The outcome of money was unforeseeable and not specifically directed by anyone;
its final outcome was the spontaneous social adoption of metals and the
eventual coinage of metal coins as money. Finally the institution’s natural
function of money is only that of facilitating the exchange process for
individuals in a complex society. It indirectly has the positive function of facilitating
economic calculations through natural prices for the entrepreneur.
Under the institution of money in a free market system, you don’t
directly exchange the good you possess with other goods you desire but rather
you exchange it for money, bringing you one step closer to achieving your end.

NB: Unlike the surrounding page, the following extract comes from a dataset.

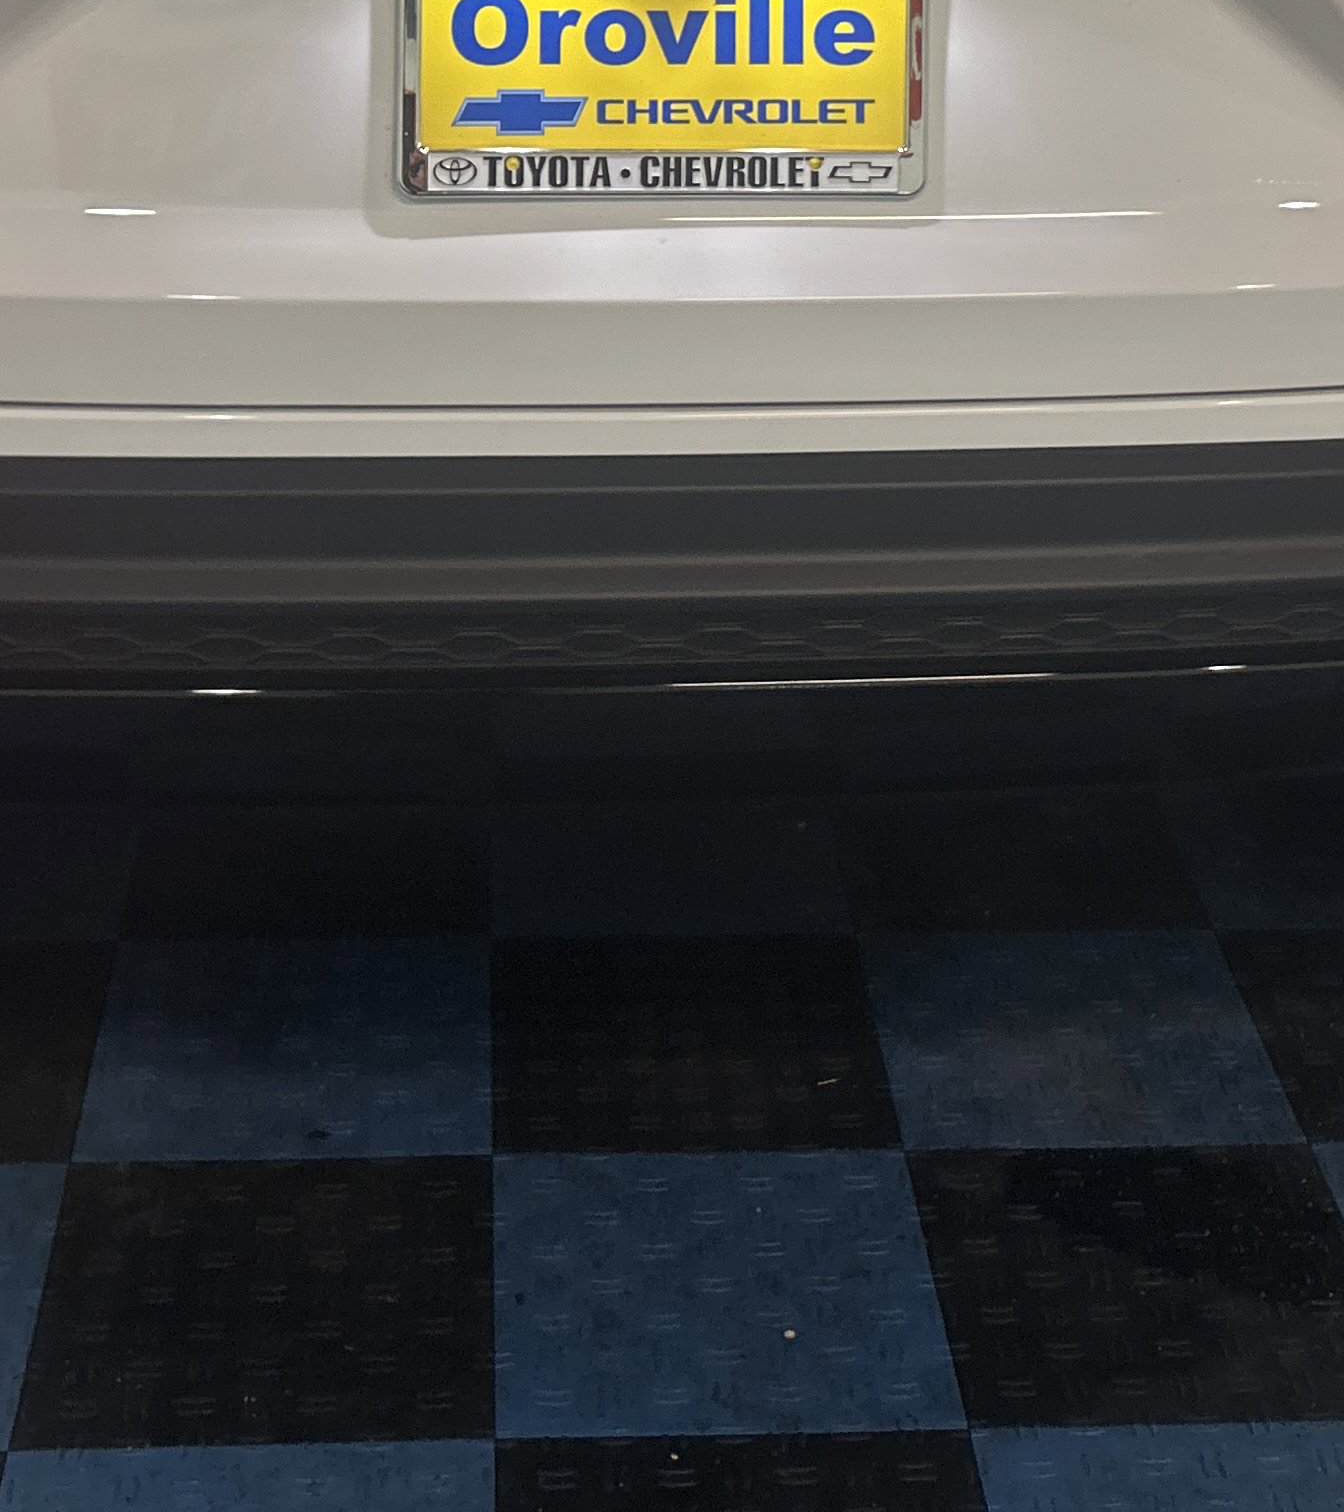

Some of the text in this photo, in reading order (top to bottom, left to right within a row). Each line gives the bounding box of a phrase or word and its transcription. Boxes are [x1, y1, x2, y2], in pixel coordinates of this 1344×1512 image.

You gain the prospect of accomplishing your purpose through an indirect
exchange for the marketable commodity. The social institution of money has only
been accomplished through the increasing knowledge of individual ends,
regardless of any convention or legal compulsion, apart from any common social
goal or interest.
The spontaneous
formation of the most common and marketable commodity in a society has the
unintended positive consequences of creating the best possible framework to
promote and facilitate the price system and making price dissemination reliable
and available. Money facilitates transactions and exchanges but more
importantly, it enhances entrepreneurial and economic calculation through the
price mechanism expressed in money’s value. Good money therefore promotes and
facilitates the process of competition, price formation, as well as the most
efficient and transparent framework for a healthy allocation of capital.
Naturally and
spontaneously adopted money creates more stability in an un-politicized base
for the price system to freely prosper from political interference. In a
complex system with so many interactions and exchanges occurring in a
decentralized manner, relative prices are the fundamental source of
transmission for basic information. They send out the most relevant information
that facilitates interactions, calculations and allows individuals to make
entrepreneurial decisions. Therefore the price system fundamentally relies on
some sort of natural and unique “language” in which the information can be
revealed and disseminated to economic actors. The only possibility to
communicate real information in an unadulterated and untainted fashion is
through naturally adopted money because it has no political and centralized control
whatsoever. Since it does not answer to particular interests, it does not
create the opportunity for anyone to interfere with price dissemination. In
this way, natural money is optimal and stays away from political control.
Natural money provides
and disseminates factual and reliable information based on real entrepreneurial
efforts and human relationships. State money or paper money systems backed on
just the paper instead of sound commodities surpass and undermine the natural
system of coordination in a free market economy. It alters and disturbs the
true entrepreneurial information, distorting entrepreneurial actions with
political and centralized nationalistic economic aims; the state money system
and Fiat money bring massive uncovered distortions to the money institution and
undermine the real objective of natural commodity money, replacing it with
political and nationalist objectives.